Marine Buissonnière, secrétaire générale du Bureau international de MSF, souligne l’ensemble les préjugés sociaux, politiques et culturels qui teintent l’organisation lors d’un entretien pour le journal interne de MSF France en avril 2005 :  

« La qualité de nos opérations souffre parfois de préjugés que nous véhiculons au sein même de MSF. Je pense par exemple aux réticences que certains ont eu à introduire les ARV [thérapies antirétrovirales] dans les programmes sida, au temps que nous avons mis à aborder la question de la prise en charge de la douleur de nos patients ou encore à apporter une attention spécifique aux violences faites aux femmes dans certains contextes de guerre. Enfin, la question de notre personnel national et le peu de place qui lui est effectivement faite dans MSF (en termes de prise de responsabilité), relève selon moi de préjugés discriminatoires qui nuisent à l’efficacité de notre travail car ils entraînent une mauvaise utilisation des ressources humaines disponibles, alors que nous savons tous que la pénurie de personnes compétentes est la principale limite à la qualité de notre action sur le terrain((Entretien avec Marine Buissonnière, Contact, p. 4.))». 

Préjugés discriminatoires ou place de certaines valeurs et opinions collectives au sein de MSF et qui constituent le socle idéologique de l’organisation :  

« Dans l’attente d’une approche discursive de l’idéologie, nous l’entendrons dans le sens le plus neutre du terme, c’est-à-dire comme un ensemble de valeurs, de convictions, d’opinions collectives qui fonctionne comme un système, conditionnant la vision du monde des individus et des groupes qui y adhèrent, consciemment ou inconsciemment et qui se matérialise dans des pratiques, notamment des pratiques discursives. » (Dufour, 2007, p. 317) 

Dans l’esprit de cette définition, MSF en tant qu’entité sociale est traversée et constituée par des dynamiques et corpus idéologiques, conditionnant sa vision du monde et spécifiquement sa vision des bénéficiaires de l’aide. 
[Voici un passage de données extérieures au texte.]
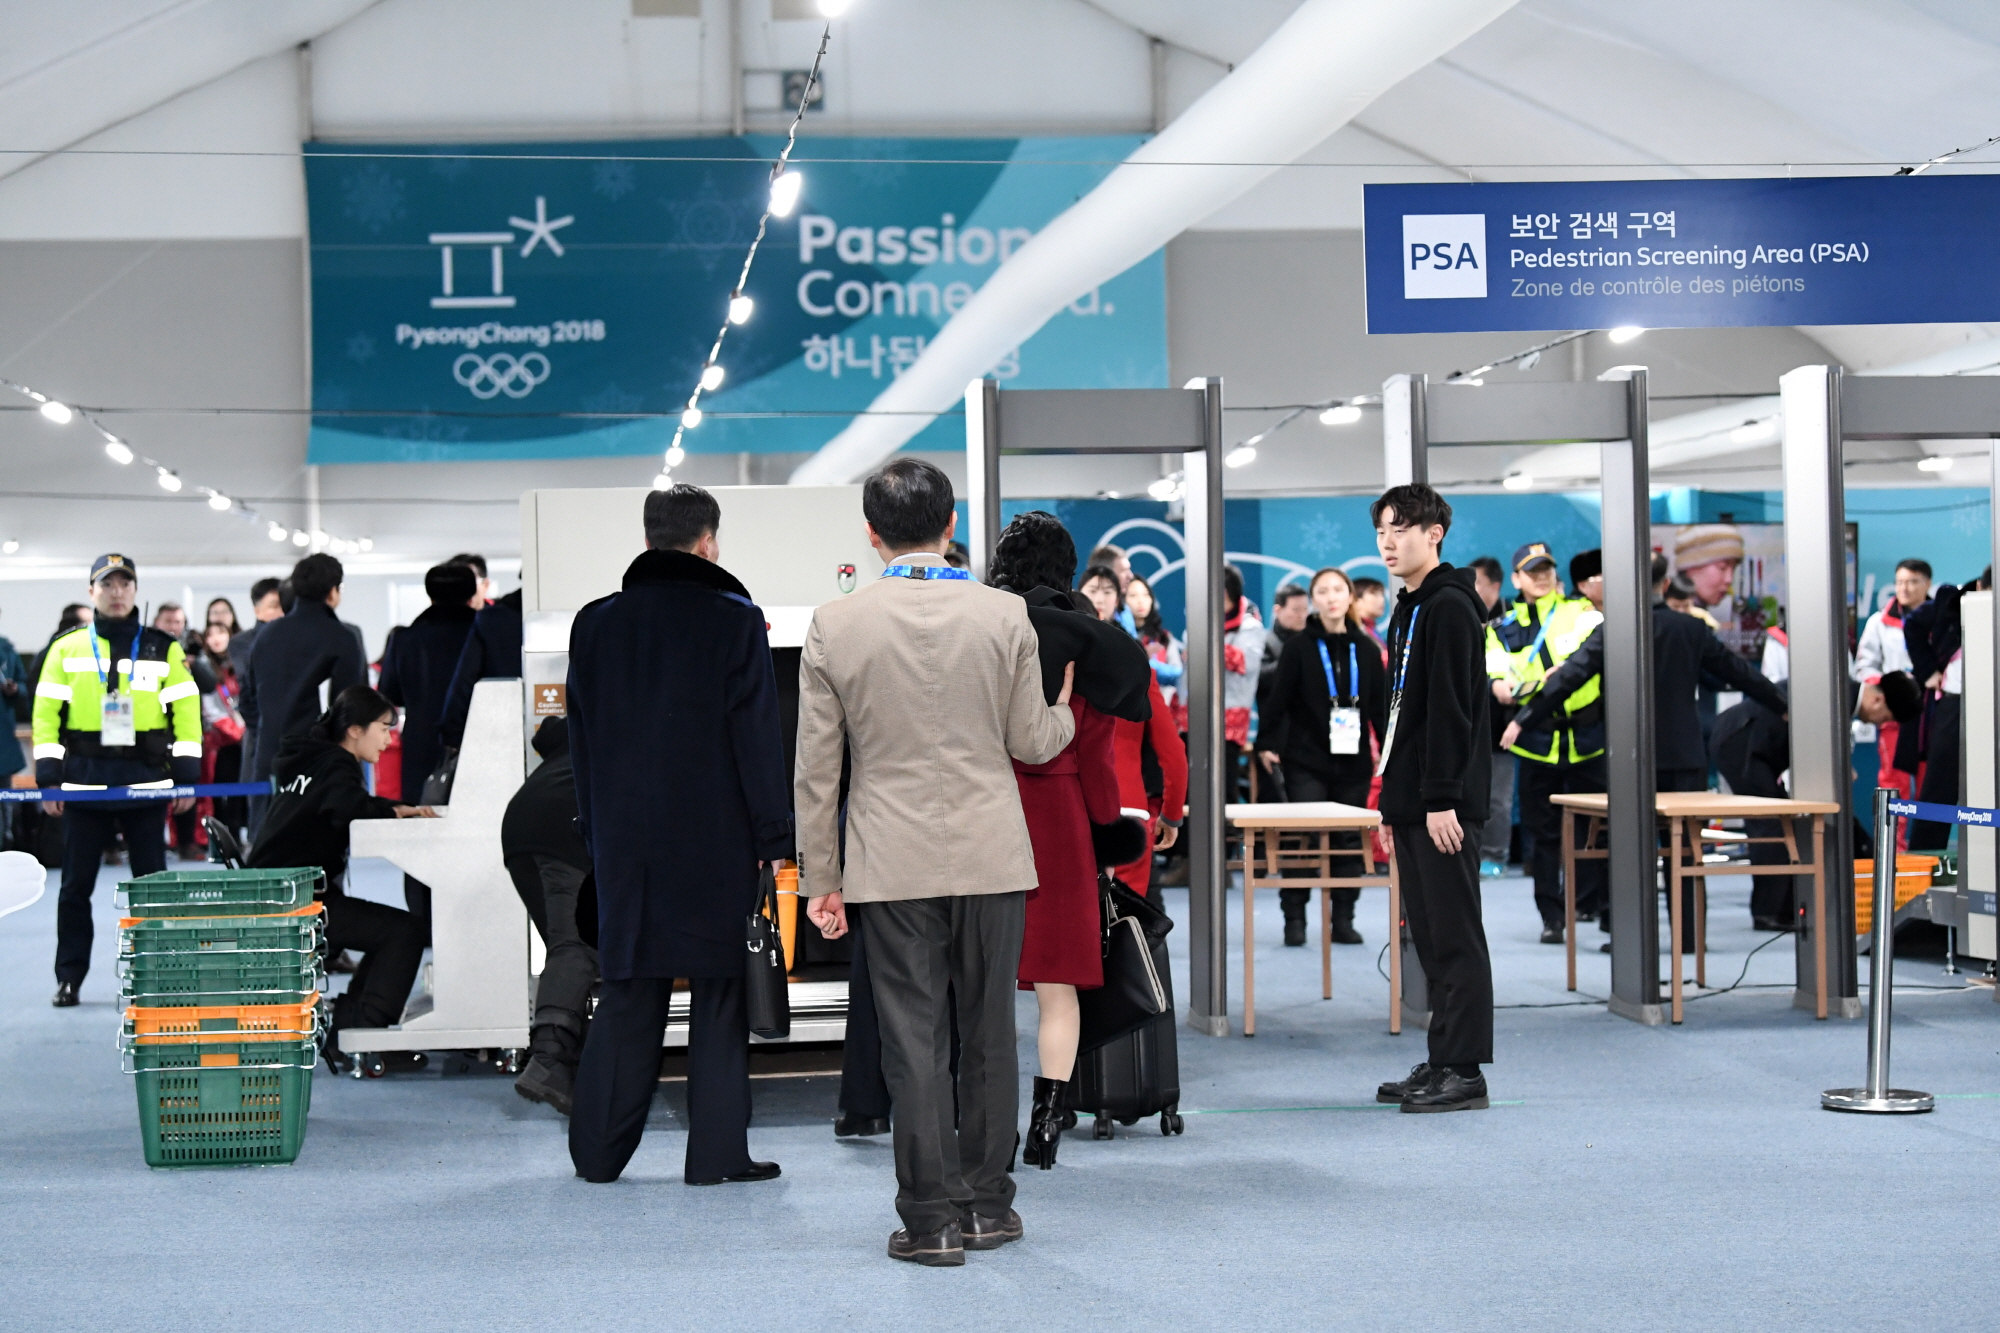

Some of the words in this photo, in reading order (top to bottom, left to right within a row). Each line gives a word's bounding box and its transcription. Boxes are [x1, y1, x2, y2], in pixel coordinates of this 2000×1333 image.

« Le ‘tout le monde sait bien que…’, ou l’évidence du sens partagé, relève d’une construction discursive et sociale, deux dimensions qui s’articulent par le biais des notions d’inter discours d’une part, d’acte et de registre discursif, d’autre part. On a pu voir que les différents modes de circulation des discours participent de la construction de ce sens partagé. Pourtant les deux dimensions – discursive et sociale – ne se construisent pas ex nihilo. Il existe une autre dimension que M.-A. Paveau qualifie de ‘prédiscursive’ dans laquelle elle inclut : « connaissances préalables, préconstruits, relation entre croyance et connaissance, conditions de flexibilité et de persévérance des croyances » (Paveau 2003, p. 181). Paveau impute la construction des idéologies à la dimension sociale. Nous argumentons plutôt pour une transversalité de la construction des idéologies, qui n’appartiendrait pas à une des dimensions en propre. Elle serait une reconstruction par le discursif et le social d’un prédiscursif culturel, d’ordre cognitif, qui capitalise les idéologies sous forme de mémoires. » (Dufour, 2007, p. 317) 

Si le président de l’association notait les difficultés des équipes lors de la mise en place du programme d’aide aux victimes de violences sexuelles au Congo Brazzaville et notamment la pertinence d’une aide spécifique à une catégorie de victimes, voyant là des pans d’idéologies qui ne s’exprimaient pas directement, un autre écueil semble être celui d’une idéologisation des discours autour de la lutte contre l’impunité : 

« Ce qui n’est pas toujours évident, c’est… c’est sur la nature de ce que l’on doit faire… heu… c’est-à-dire que… heu… ça s’accompagne pas toujours de… Le discours ne donne pas toujours l’impression de s’accompagner d’une prise en charge médicale et d’un effort de prise en charge pratique… heu… des patientes. Il y a une sorte d’idéologisation du discours… heu… pour… vers la dénonciation de crimes au niveau individuel et au niveau collectif… d’un des aspects des crimes de guerre avec des discours de mise en demeure un peu politique aux Etats, aux parties en conflit de faire cesser ces crimes (au lieu) d’offrir des soins à toutes les femmes qui en auraient besoin dans ces circonstances.((Script 1, homme, médecin, Président de l’association, Crimes Oubliés, 2006.)) » 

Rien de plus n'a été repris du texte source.